(Beginning of Source material)
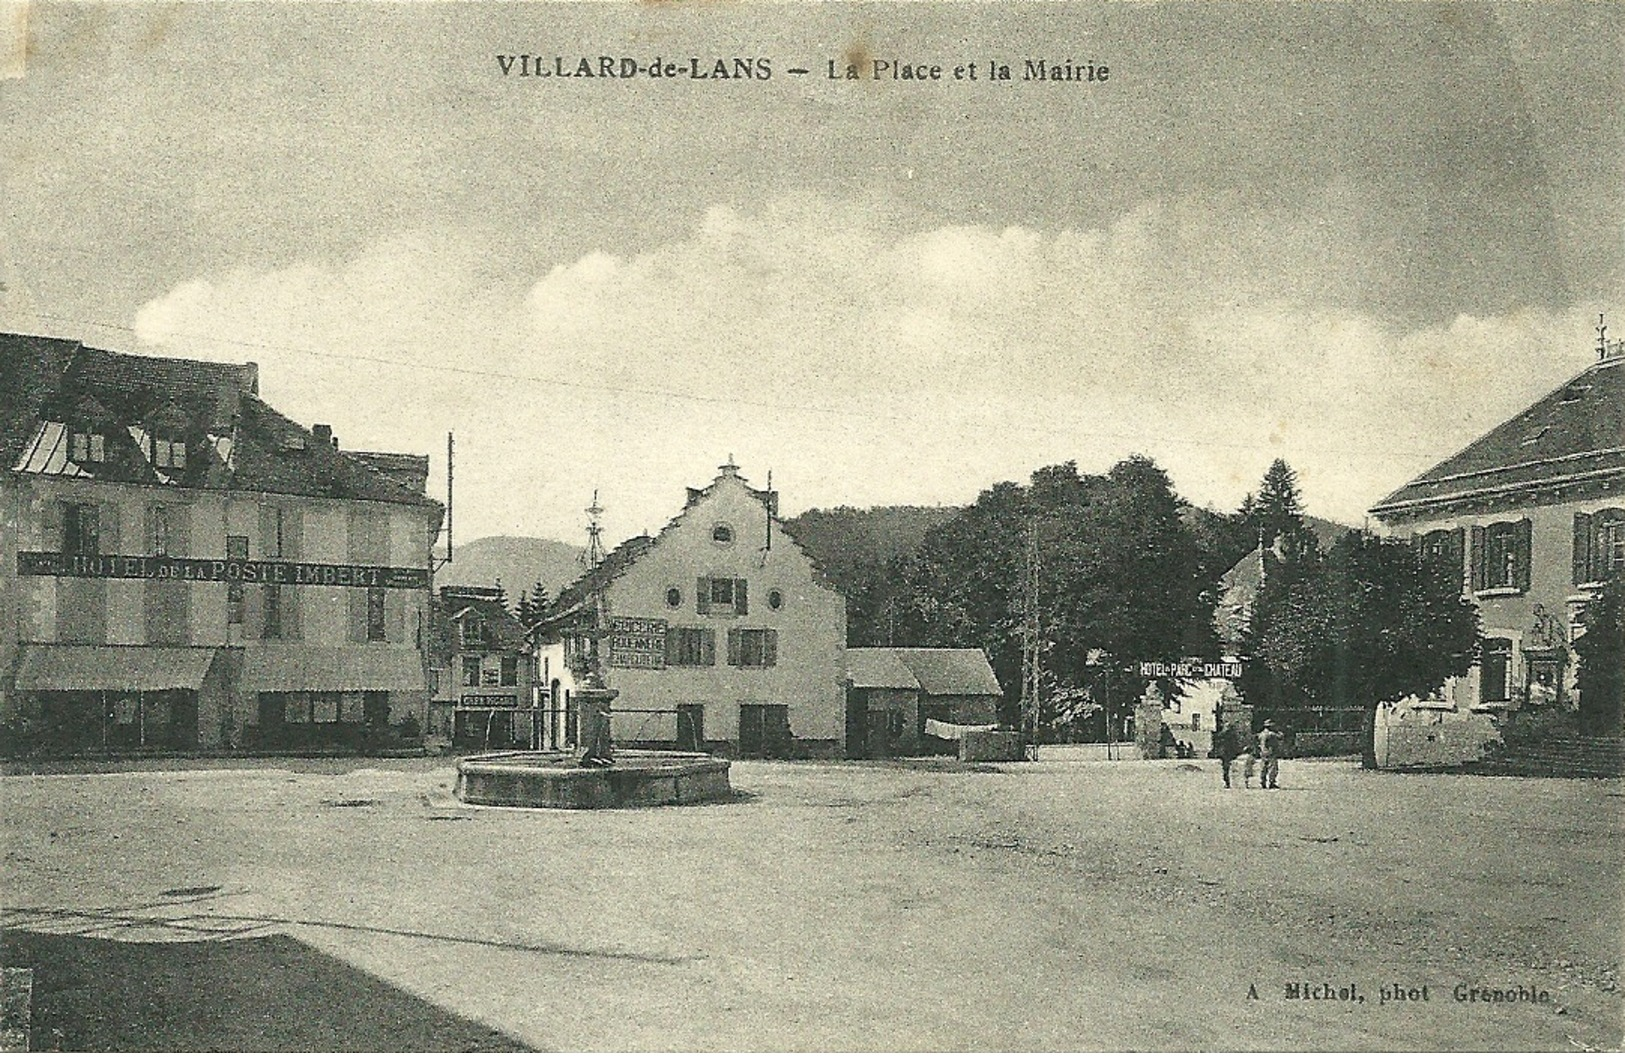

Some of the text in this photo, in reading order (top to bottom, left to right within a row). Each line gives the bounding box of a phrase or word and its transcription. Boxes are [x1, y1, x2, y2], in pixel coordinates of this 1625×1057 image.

[211, 561, 287, 582] POSTE
[295, 565, 381, 586] IMBERT
[1140, 661, 1167, 676] HOTEL
[1170, 663, 1193, 677] PARC
[1203, 663, 1243, 678] CHATEAU
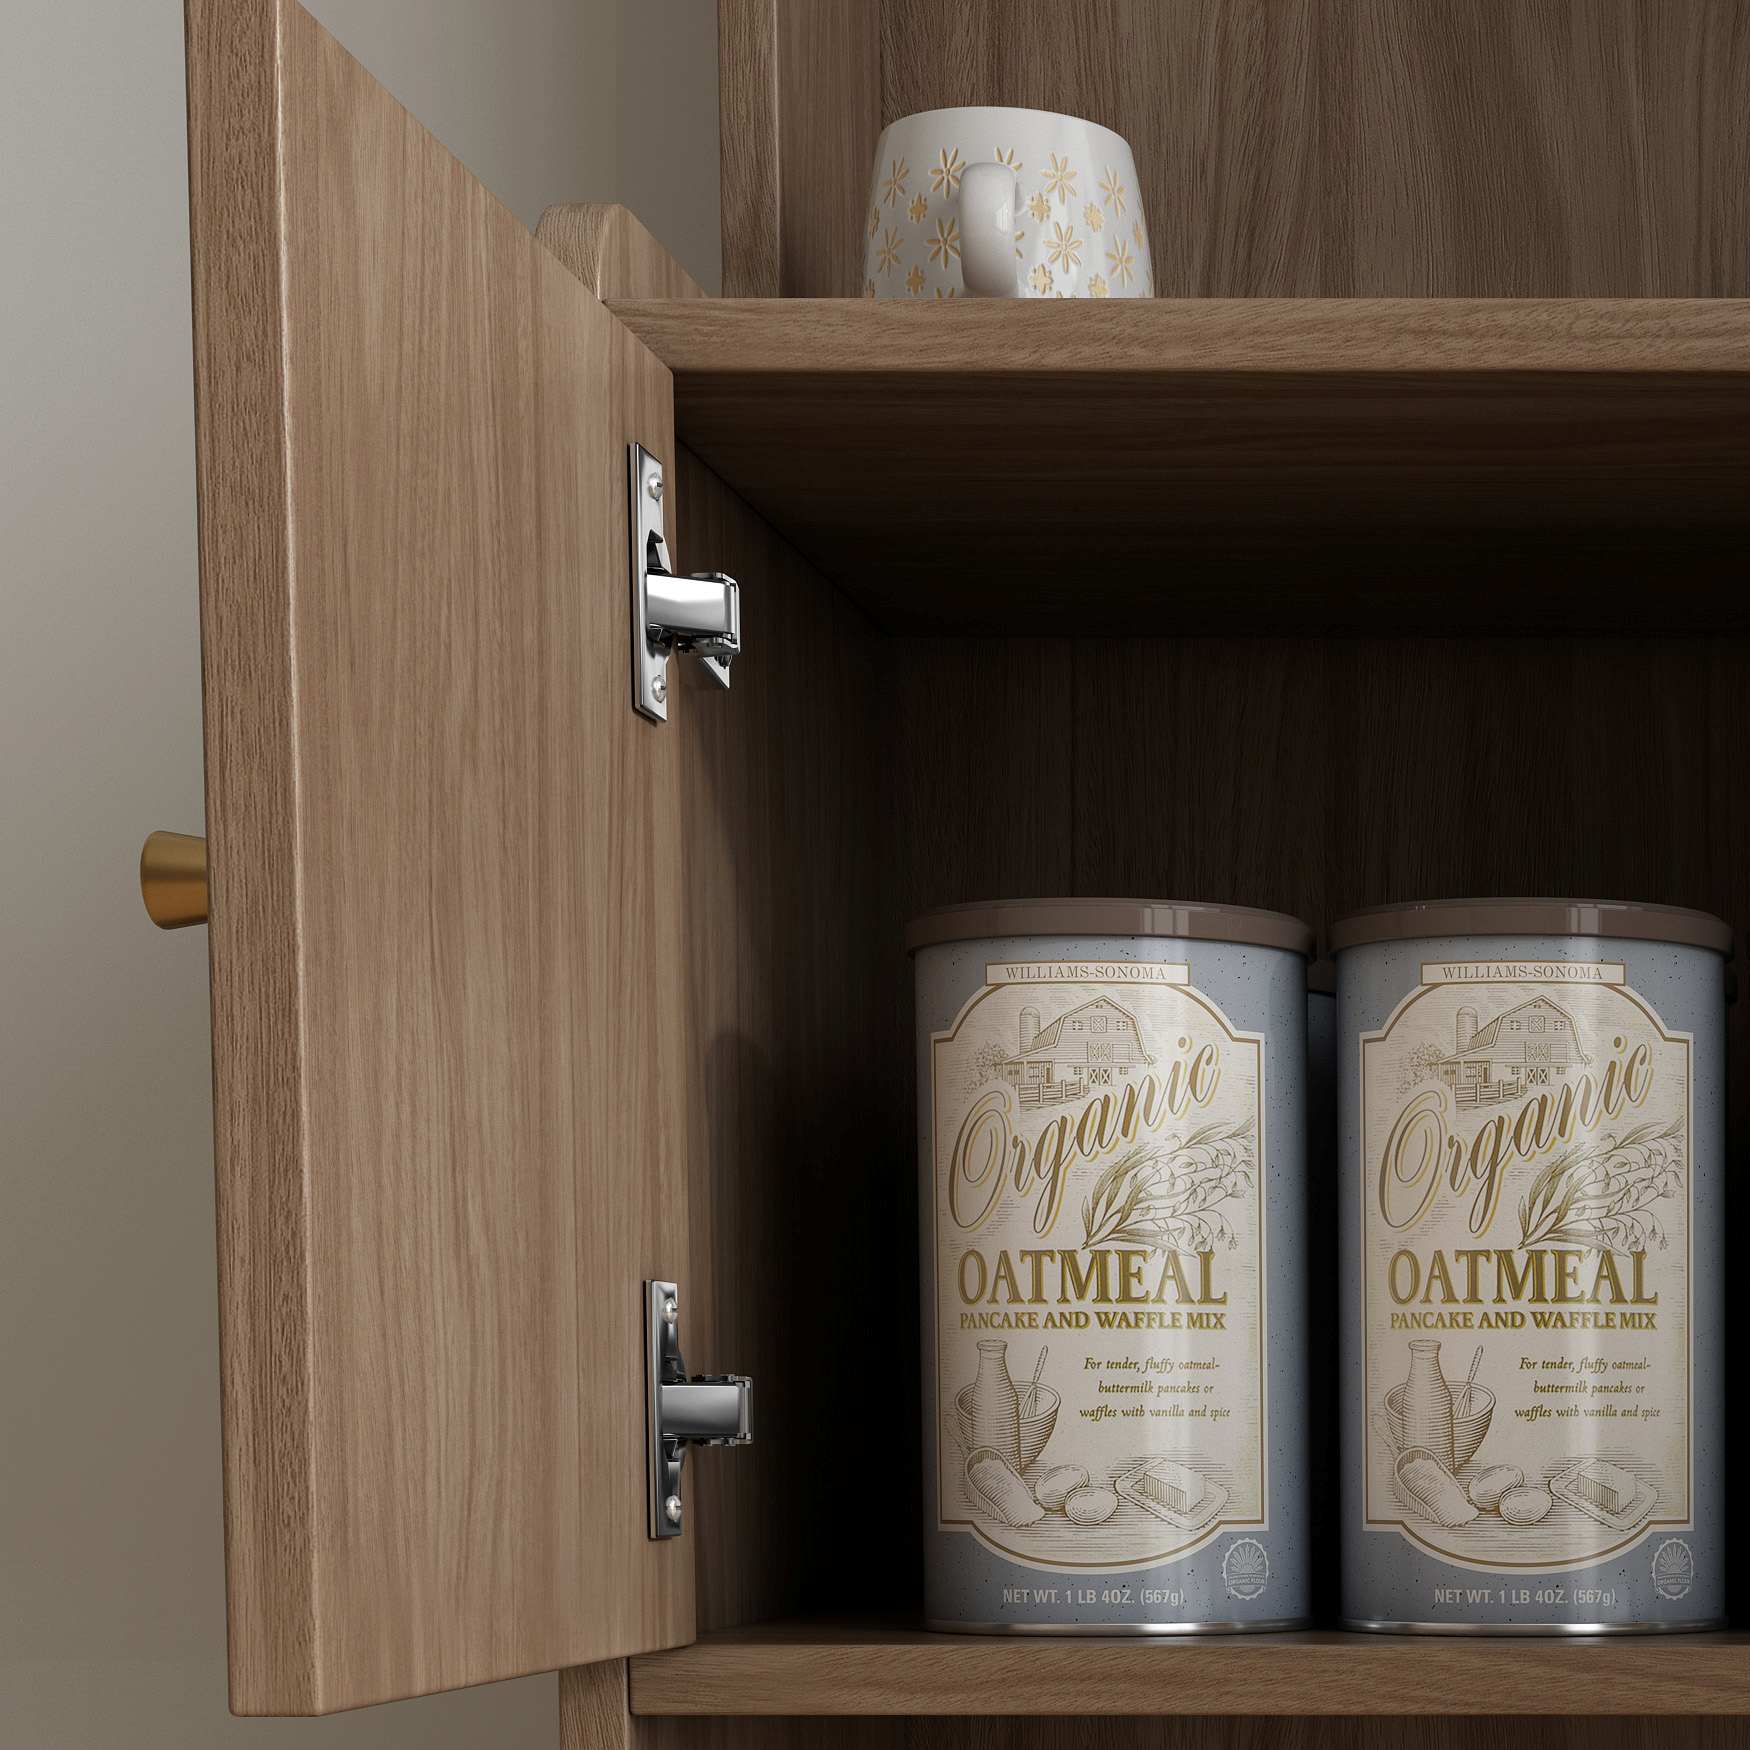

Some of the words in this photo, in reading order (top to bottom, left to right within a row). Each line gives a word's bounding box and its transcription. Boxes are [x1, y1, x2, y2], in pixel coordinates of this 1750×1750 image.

[1005, 965, 1168, 981] WILLIAMS-SONOMA
[1442, 965, 1604, 981] WILLIAMS-SONOMA
[949, 1036, 1221, 1239] Organic
[1378, 1036, 1654, 1239] Organic
[957, 1247, 1229, 1306] OATMEAL
[1387, 1247, 1659, 1306] OATMEAL
[959, 1310, 1039, 1331] PANCAKE
[1042, 1310, 1091, 1331] AND
[1094, 1310, 1183, 1331] WAFFLE
[1186, 1310, 1227, 1331] MIX
[1390, 1310, 1474, 1331] PANCAKE
[1477, 1310, 1527, 1331] AND
[1530, 1310, 1617, 1331] WAFFLE
[1619, 1310, 1658, 1331] MIX
[1083, 1356, 1103, 1371] For
[1106, 1356, 1140, 1374] tender,
[1142, 1356, 1175, 1375] fluffy
[1178, 1356, 1221, 1371] oatmeal-
[1519, 1356, 1538, 1371] For
[1541, 1356, 1575, 1374] tender,
[1577, 1356, 1609, 1375] fluffy
[1611, 1356, 1651, 1371] oatmeal-
[1097, 1379, 1154, 1395] buttermilk
[1156, 1380, 1201, 1398] pancakes
[1203, 1384, 1215, 1395] or
[1533, 1379, 1588, 1395] buttermilk
[1590, 1380, 1633, 1398] pancakes
[1635, 1384, 1646, 1395] or
[1079, 1403, 1118, 1422] waffles
[1120, 1403, 1146, 1418] with
[1149, 1403, 1185, 1418] vanilla
[1188, 1403, 1208, 1418] and
[1210, 1404, 1231, 1422] spice
[1514, 1403, 1553, 1422] waffles
[1555, 1403, 1580, 1418] with
[1583, 1403, 1618, 1418] vanilla
[1620, 1403, 1639, 1418] and
[1641, 1404, 1661, 1422] spice
[1003, 1589, 1031, 1605] NET
[1033, 1589, 1061, 1605] WT.
[1065, 1589, 1072, 1605] 1
[1078, 1589, 1097, 1605] LB
[1140, 1588, 1185, 1607] (567g)
[1434, 1589, 1463, 1605] NET
[1466, 1589, 1494, 1605] WT.
[1498, 1589, 1506, 1605] 1
[1510, 1589, 1531, 1605] LB
[1573, 1588, 1616, 1607] (567g)
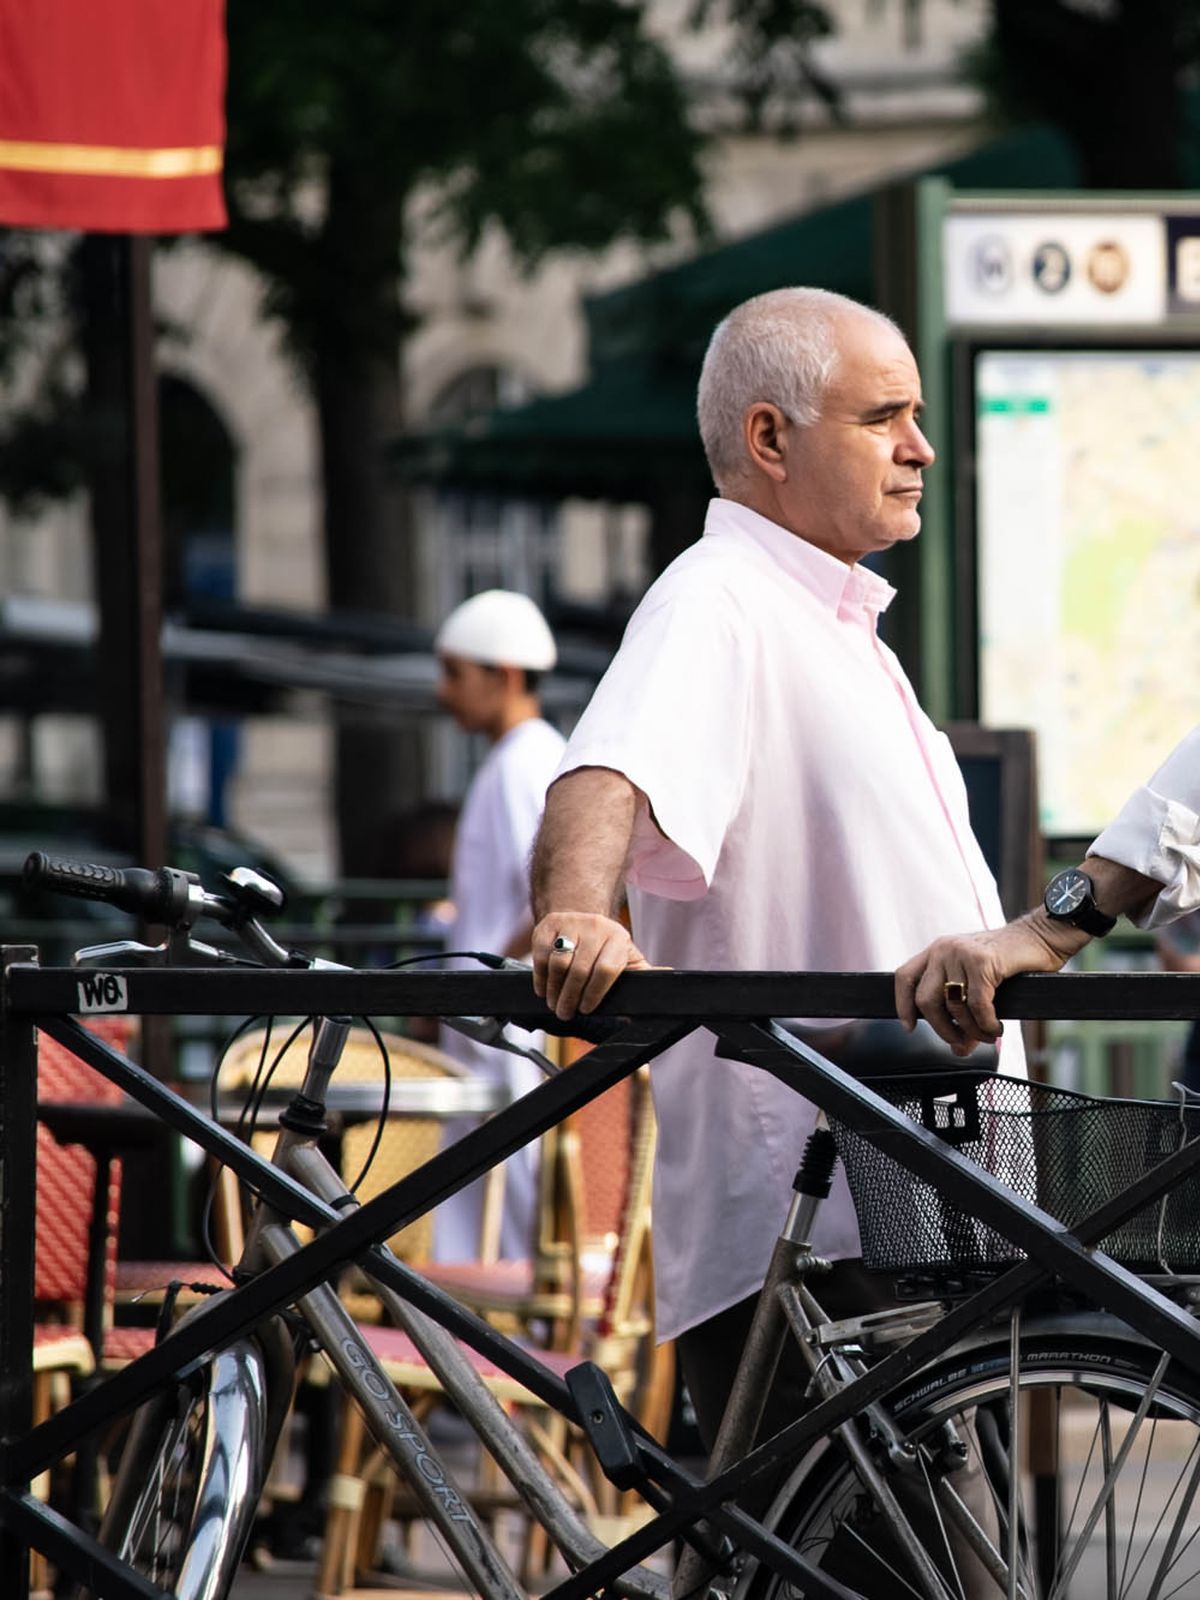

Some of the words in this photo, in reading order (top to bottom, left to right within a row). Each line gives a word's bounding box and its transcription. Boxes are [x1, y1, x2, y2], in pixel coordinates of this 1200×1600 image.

[1027, 1351, 1111, 1364] MARATHON
[894, 1368, 967, 1412] SCHWALBE
[343, 1338, 390, 1400] GO
[386, 1411, 479, 1530] SPORT
(End of Source material)
▶ **Your goal**
Repeat exactly, and only, the lines from the one containing "this 1200×1600 image." through the end of the material.

▶ **Written response**
Some of the words in this photo, in reading order (top to bottom, left to right within a row). Each line gives a word's bounding box and its transcription. Boxes are [x1, y1, x2, y2], in pixel coordinates of this 1200×1600 image.

[1027, 1351, 1111, 1364] MARATHON
[894, 1368, 967, 1412] SCHWALBE
[343, 1338, 390, 1400] GO
[386, 1411, 479, 1530] SPORT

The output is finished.